*** GIVEN RECORDS ***

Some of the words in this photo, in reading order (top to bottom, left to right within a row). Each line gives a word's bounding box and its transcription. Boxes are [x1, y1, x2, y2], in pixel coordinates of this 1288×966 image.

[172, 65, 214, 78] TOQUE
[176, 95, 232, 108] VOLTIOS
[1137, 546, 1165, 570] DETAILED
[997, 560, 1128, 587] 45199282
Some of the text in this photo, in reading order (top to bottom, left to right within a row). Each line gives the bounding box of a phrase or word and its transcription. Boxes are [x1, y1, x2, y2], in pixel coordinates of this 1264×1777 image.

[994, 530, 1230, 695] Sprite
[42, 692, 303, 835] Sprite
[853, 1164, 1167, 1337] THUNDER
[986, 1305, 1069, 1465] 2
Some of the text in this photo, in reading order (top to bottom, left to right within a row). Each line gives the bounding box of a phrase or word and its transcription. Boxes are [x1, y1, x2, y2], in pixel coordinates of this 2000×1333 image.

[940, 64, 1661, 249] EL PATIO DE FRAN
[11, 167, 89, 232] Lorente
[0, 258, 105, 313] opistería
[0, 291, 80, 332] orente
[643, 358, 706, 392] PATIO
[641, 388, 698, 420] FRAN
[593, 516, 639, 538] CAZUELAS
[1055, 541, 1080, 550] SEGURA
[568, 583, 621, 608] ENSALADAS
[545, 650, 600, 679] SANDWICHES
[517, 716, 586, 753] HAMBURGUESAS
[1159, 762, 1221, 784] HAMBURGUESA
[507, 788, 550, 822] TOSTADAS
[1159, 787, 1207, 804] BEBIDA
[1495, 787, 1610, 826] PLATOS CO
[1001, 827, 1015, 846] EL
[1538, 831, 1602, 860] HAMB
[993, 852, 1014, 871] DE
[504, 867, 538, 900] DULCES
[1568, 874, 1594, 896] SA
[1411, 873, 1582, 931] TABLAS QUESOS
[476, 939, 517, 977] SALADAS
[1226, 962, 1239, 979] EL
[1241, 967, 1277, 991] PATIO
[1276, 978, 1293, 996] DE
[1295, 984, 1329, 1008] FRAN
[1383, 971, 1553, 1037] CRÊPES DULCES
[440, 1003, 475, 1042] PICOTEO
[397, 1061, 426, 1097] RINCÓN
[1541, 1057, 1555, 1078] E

***

- [PROBLEM REQUIREMENTS]: The data given above must be transcribed exactly and completely.

- [TASK ANSWER]:
Some of the words in this photo, in reading order (top to bottom, left to right within a row). Each line gives a word's bounding box and its transcription. Boxes are [x1, y1, x2, y2], in pixel coordinates of this 1288×966 image.

[172, 65, 214, 78] TOQUE
[176, 95, 232, 108] VOLTIOS
[1137, 546, 1165, 570] DETAILED
[997, 560, 1128, 587] 45199282
Some of the text in this photo, in reading order (top to bottom, left to right within a row). Each line gives the bounding box of a phrase or word and its transcription. Boxes are [x1, y1, x2, y2], in pixel coordinates of this 1264×1777 image.

[994, 530, 1230, 695] Sprite
[42, 692, 303, 835] Sprite
[853, 1164, 1167, 1337] THUNDER
[986, 1305, 1069, 1465] 2
Some of the text in this photo, in reading order (top to bottom, left to right within a row). Each line gives the bounding box of a phrase or word and its transcription. Boxes are [x1, y1, x2, y2], in pixel coordinates of this 2000×1333 image.

[940, 64, 1661, 249] EL PATIO DE FRAN
[11, 167, 89, 232] Lorente
[0, 258, 105, 313] opistería
[0, 291, 80, 332] orente
[643, 358, 706, 392] PATIO
[641, 388, 698, 420] FRAN
[593, 516, 639, 538] CAZUELAS
[1055, 541, 1080, 550] SEGURA
[568, 583, 621, 608] ENSALADAS
[545, 650, 600, 679] SANDWICHES
[517, 716, 586, 753] HAMBURGUESAS
[1159, 762, 1221, 784] HAMBURGUESA
[507, 788, 550, 822] TOSTADAS
[1159, 787, 1207, 804] BEBIDA
[1495, 787, 1610, 826] PLATOS CO
[1001, 827, 1015, 846] EL
[1538, 831, 1602, 860] HAMB
[993, 852, 1014, 871] DE
[504, 867, 538, 900] DULCES
[1568, 874, 1594, 896] SA
[1411, 873, 1582, 931] TABLAS QUESOS
[476, 939, 517, 977] SALADAS
[1226, 962, 1239, 979] EL
[1241, 967, 1277, 991] PATIO
[1276, 978, 1293, 996] DE
[1295, 984, 1329, 1008] FRAN
[1383, 971, 1553, 1037] CRÊPES DULCES
[440, 1003, 475, 1042] PICOTEO
[397, 1061, 426, 1097] RINCÓN
[1541, 1057, 1555, 1078] E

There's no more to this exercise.